══ Stored data

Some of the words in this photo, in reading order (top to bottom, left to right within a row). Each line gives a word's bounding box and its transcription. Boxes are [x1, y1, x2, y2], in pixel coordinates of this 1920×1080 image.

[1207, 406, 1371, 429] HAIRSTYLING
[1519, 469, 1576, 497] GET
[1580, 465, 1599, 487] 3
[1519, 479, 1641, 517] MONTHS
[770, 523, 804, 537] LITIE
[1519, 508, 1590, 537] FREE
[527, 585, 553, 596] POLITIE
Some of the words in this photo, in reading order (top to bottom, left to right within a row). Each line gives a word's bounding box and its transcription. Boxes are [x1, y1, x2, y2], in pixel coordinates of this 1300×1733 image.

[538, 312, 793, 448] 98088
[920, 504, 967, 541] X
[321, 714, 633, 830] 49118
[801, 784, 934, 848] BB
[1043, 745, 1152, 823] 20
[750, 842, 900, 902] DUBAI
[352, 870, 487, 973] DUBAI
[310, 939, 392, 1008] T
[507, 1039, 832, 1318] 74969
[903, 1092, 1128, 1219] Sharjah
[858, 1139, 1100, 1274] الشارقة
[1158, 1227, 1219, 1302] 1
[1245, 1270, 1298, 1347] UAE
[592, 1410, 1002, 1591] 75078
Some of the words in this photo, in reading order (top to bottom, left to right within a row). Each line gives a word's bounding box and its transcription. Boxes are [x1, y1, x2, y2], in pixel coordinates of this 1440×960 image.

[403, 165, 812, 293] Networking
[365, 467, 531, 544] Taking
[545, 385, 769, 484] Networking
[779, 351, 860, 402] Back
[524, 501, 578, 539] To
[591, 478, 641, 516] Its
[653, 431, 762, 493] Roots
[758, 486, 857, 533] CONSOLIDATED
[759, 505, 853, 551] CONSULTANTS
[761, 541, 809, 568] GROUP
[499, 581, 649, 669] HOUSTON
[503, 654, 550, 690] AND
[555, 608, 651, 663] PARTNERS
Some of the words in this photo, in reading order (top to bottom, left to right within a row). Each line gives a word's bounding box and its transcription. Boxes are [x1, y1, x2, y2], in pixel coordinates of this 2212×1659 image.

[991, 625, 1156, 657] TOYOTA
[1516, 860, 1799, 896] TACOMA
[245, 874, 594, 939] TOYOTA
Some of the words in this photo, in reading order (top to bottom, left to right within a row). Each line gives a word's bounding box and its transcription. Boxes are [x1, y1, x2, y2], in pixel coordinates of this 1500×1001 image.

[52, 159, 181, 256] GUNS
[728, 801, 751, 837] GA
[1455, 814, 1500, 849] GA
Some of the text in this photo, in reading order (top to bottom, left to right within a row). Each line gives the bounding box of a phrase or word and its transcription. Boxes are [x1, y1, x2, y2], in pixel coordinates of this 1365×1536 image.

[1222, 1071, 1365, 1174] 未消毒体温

════

**Assigned task**
The answer should be the exact lines running from the line containing "this 2212×1659 image." to the last line of the entries, with nothing else.

**Answer section**
Some of the words in this photo, in reading order (top to bottom, left to right within a row). Each line gives a word's bounding box and its transcription. Boxes are [x1, y1, x2, y2], in pixel coordinates of this 2212×1659 image.

[991, 625, 1156, 657] TOYOTA
[1516, 860, 1799, 896] TACOMA
[245, 874, 594, 939] TOYOTA
Some of the words in this photo, in reading order (top to bottom, left to right within a row). Each line gives a word's bounding box and its transcription. Boxes are [x1, y1, x2, y2], in pixel coordinates of this 1500×1001 image.

[52, 159, 181, 256] GUNS
[728, 801, 751, 837] GA
[1455, 814, 1500, 849] GA
Some of the text in this photo, in reading order (top to bottom, left to right within a row). Each line gives the bounding box of a phrase or word and its transcription. Boxes are [x1, y1, x2, y2], in pixel coordinates of this 1365×1536 image.

[1222, 1071, 1365, 1174] 未消毒体温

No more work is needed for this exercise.